While genetic factors contribute to the risk for T2DM [9], they cannot explain the rapid world-wide emergence of diabetes over the past few decades in diverse populations that include many Indigenous groups [10]. Instead, this pandemic has paralleled recent changes in environmental and possibly epigenetic factors [11] – these have been attributed to unprecedented disruptions in traditional lifestyles that have occurred in virtually all human populations, particularly since the middle of the past century [12]. Most attention has focused on the role of changing diets (e.g. higher consumption of simple carbohydrates and calorie dense foods) and reduced physical activity that have led to a parallel pandemic of overweight/obesity [13]. Indeed, overweight/obesity is an important diabetes risk factor among First Nations people which is compounded by a higher proportion with elevated body mass index (BMI) [14]. There is also mounting evidence that increasing rates of childhood obesity and T2DM are partly driven by an increased incidence of diabetic pregnancies among First Nations women – not only women with gestational diabetes [15] but also their children [16] have a higher risk for T2DM.

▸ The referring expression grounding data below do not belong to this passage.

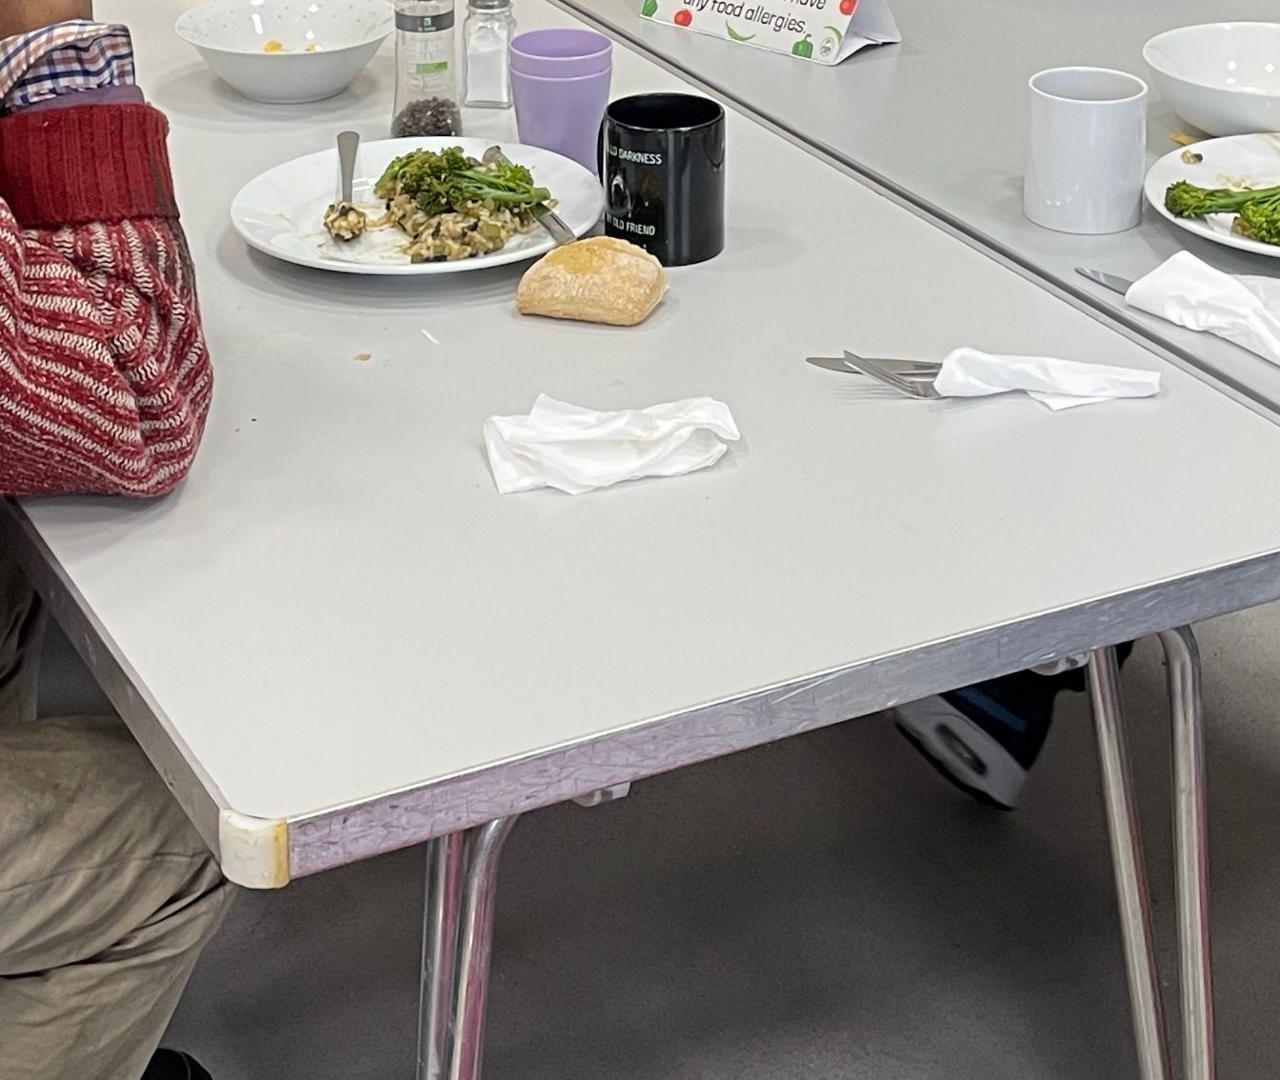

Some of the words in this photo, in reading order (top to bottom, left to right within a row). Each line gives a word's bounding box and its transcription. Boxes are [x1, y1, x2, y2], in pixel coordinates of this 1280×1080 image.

[744, 5, 808, 35] allergies.
[618, 148, 663, 165] DARKNESS
[612, 218, 625, 231] OLD
[626, 221, 656, 236] FRIEND
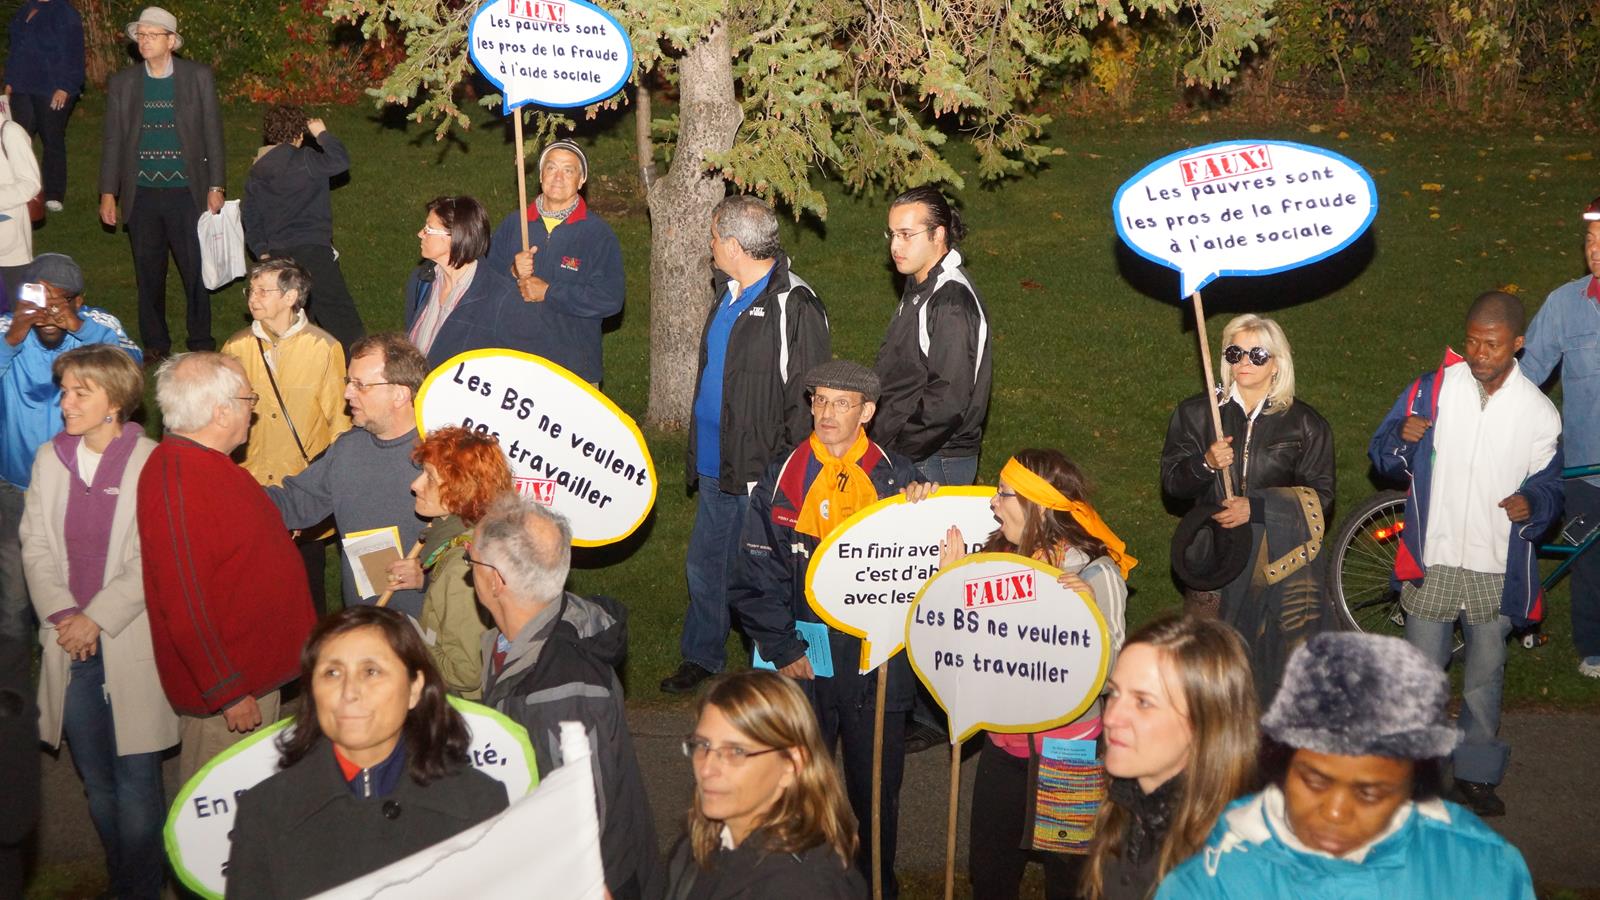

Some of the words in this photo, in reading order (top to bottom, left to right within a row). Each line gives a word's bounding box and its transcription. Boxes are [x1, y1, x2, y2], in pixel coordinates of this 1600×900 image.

[490, 14, 511, 28] Les
[516, 21, 570, 33] pauvres
[576, 24, 606, 36] sont
[511, 0, 563, 22] FAUX!
[477, 37, 495, 50] les
[499, 42, 526, 55] pros
[532, 43, 548, 56] de
[553, 44, 566, 57] la
[571, 45, 619, 61] fraude
[500, 61, 507, 74] à
[512, 62, 548, 79] l'aide
[553, 68, 601, 83] sociale
[1182, 148, 1269, 183] FAUX!
[1145, 185, 1182, 202] Les
[1191, 175, 1276, 201] pauvres
[1286, 166, 1335, 184] sont
[1127, 216, 1157, 231] les
[1166, 213, 1210, 230] pros
[1220, 207, 1244, 223] de
[1252, 203, 1272, 218] la
[1282, 192, 1357, 214] fraude
[1170, 239, 1181, 254] à
[1190, 233, 1248, 253] l'aide
[1256, 222, 1333, 243] sociale
[453, 362, 492, 396] Les
[501, 388, 535, 420] BS
[538, 414, 562, 438] ne
[571, 433, 648, 486] veulent
[509, 440, 612, 509] travailler
[515, 481, 552, 501] UX!
[838, 543, 862, 559] En
[868, 543, 903, 559] finir
[908, 544, 947, 557] ave
[855, 566, 897, 582] c'est
[844, 592, 889, 605] avec
[891, 590, 916, 604] les
[965, 574, 1034, 607] FAUX!
[915, 604, 945, 627] Les
[954, 608, 980, 633] BS
[987, 619, 1008, 638] ne
[1017, 624, 1091, 648] veulent
[935, 650, 964, 670] pas
[973, 653, 1069, 683] travailler
[193, 796, 229, 818] En
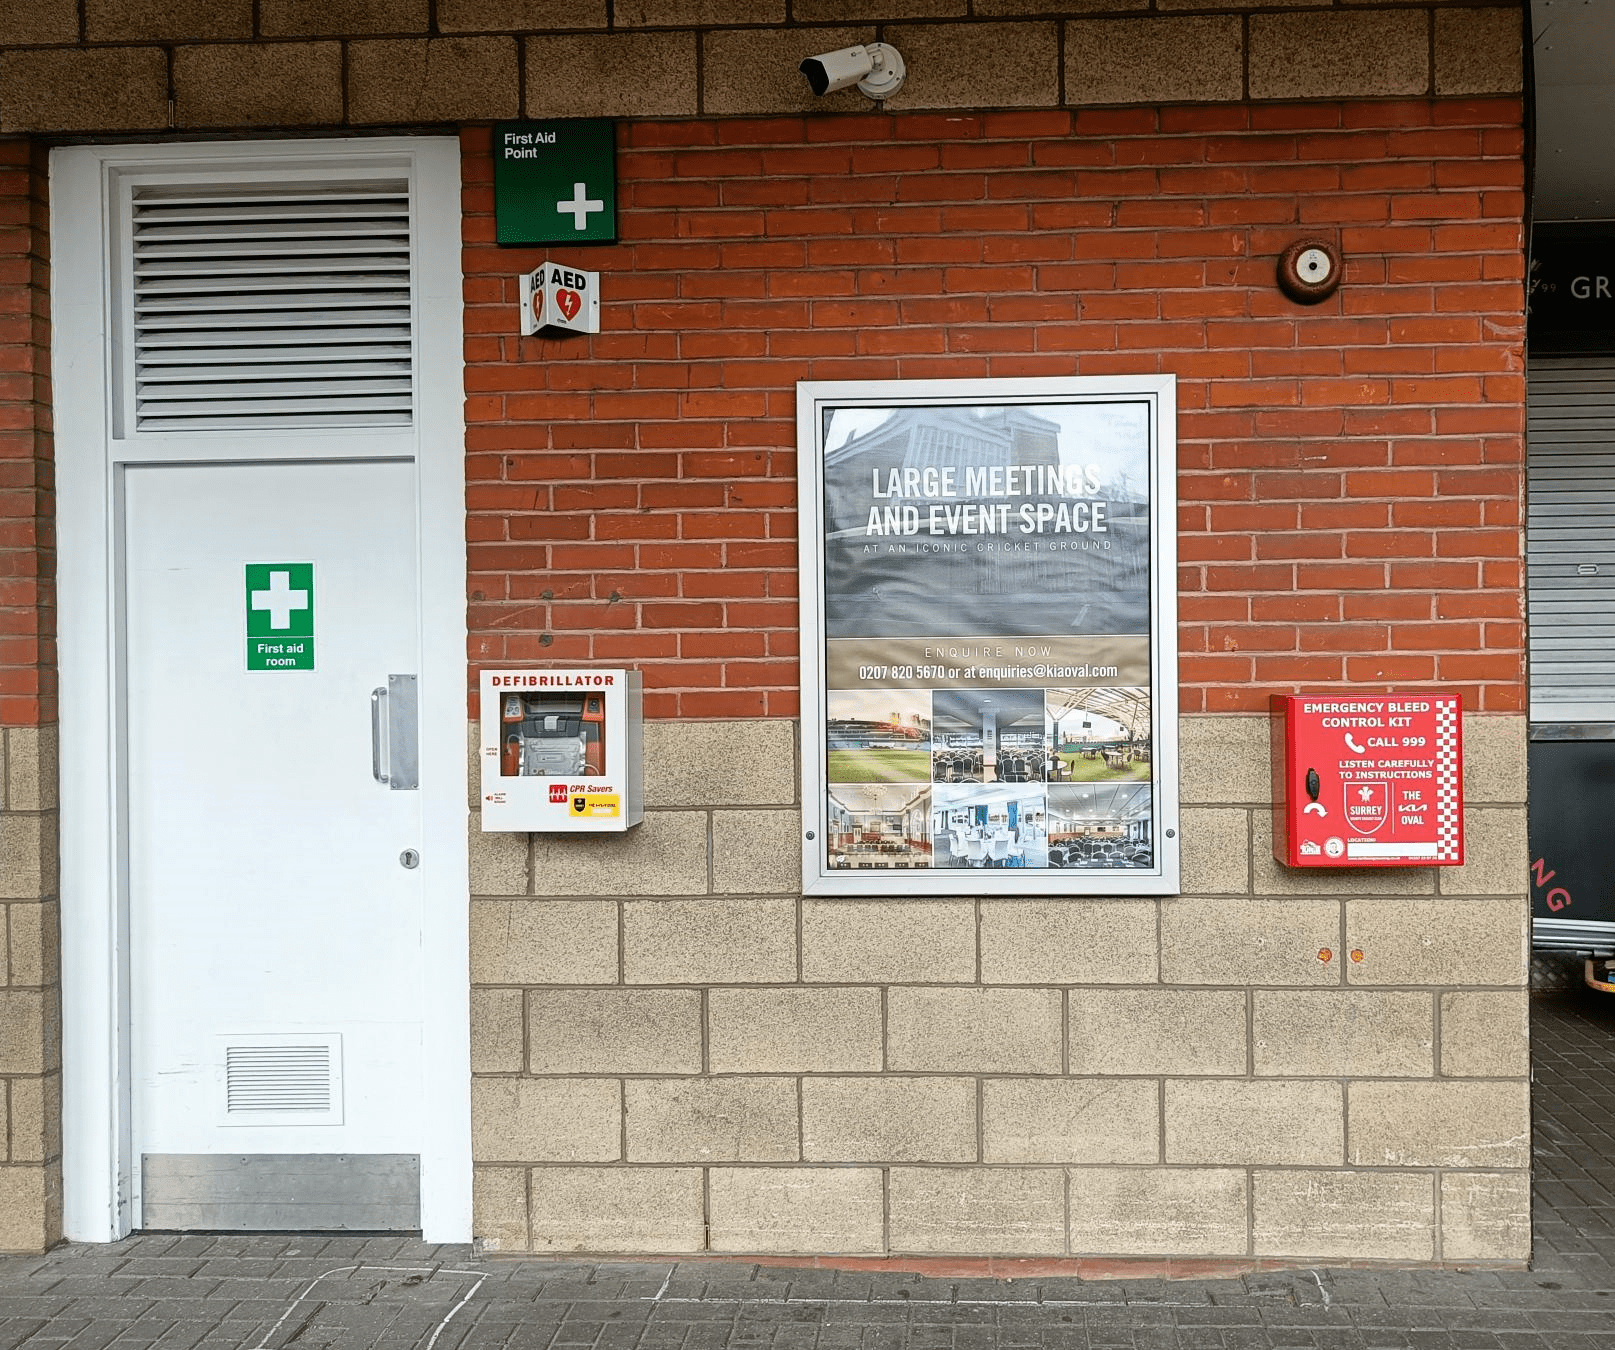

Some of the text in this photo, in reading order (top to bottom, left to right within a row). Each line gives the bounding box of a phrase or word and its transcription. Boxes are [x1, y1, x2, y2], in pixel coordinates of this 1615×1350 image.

[504, 131, 556, 145] First Aid
[504, 147, 538, 159] Point
[530, 268, 545, 294] AED
[551, 268, 587, 291] AED
[1570, 275, 1613, 299] GR
[872, 463, 1101, 498] LARGE MEETINGS
[866, 502, 1108, 536] AND EVENT SPACE
[863, 540, 1112, 554] AT AN ICONIC CRICKET GROUND
[257, 643, 304, 654] First aid
[924, 645, 1053, 658] ENQUIRE NOW
[266, 658, 296, 666] room
[859, 663, 1118, 681] 0207 820 5670 or at enquiries@kiaoval.com
[492, 676, 614, 687] DEFIBRILLATOR
[1303, 702, 1430, 714] EMERGENCY BLEED
[1322, 716, 1412, 728] CONTROL KIT
[1367, 736, 1426, 747] CALL 999
[1339, 759, 1435, 768] LISTEN CAREFULLY
[1339, 770, 1433, 779] TO INSTRUCTIONS
[569, 784, 613, 793] CPR Savers
[1402, 790, 1422, 800] THE
[1349, 805, 1383, 815] SURREY
[1401, 815, 1425, 825] OVAL

In addition to changes in lifestyle, it has become apparent that inequities in the social determinants of health (e.g. poverty, sub-standard housing, low educational attainment, poor food availability, unemployment) [17] are also important predictors of chronic diseases including diabetes [18], and are widespread in Aboriginal communities [19]. These factors are increasingly attributed to the impact of colonization that has severely undermined Indigenous culture and access to resources necessary to improve socio-economic status [20, 21]. In particular, discrimination has been identified as a potent social stressor that may increase vulnerability to physical illness through physiological, psychological and behavioral pathways [22]. The main purpose of this study was to determine if residential school attendance, indicators of cultural disruption and perceptions of discrimination were individual-level predictors of diabetes among adults in two First Nations communities in Canada after adjusting for other recognized diabetes risk factors.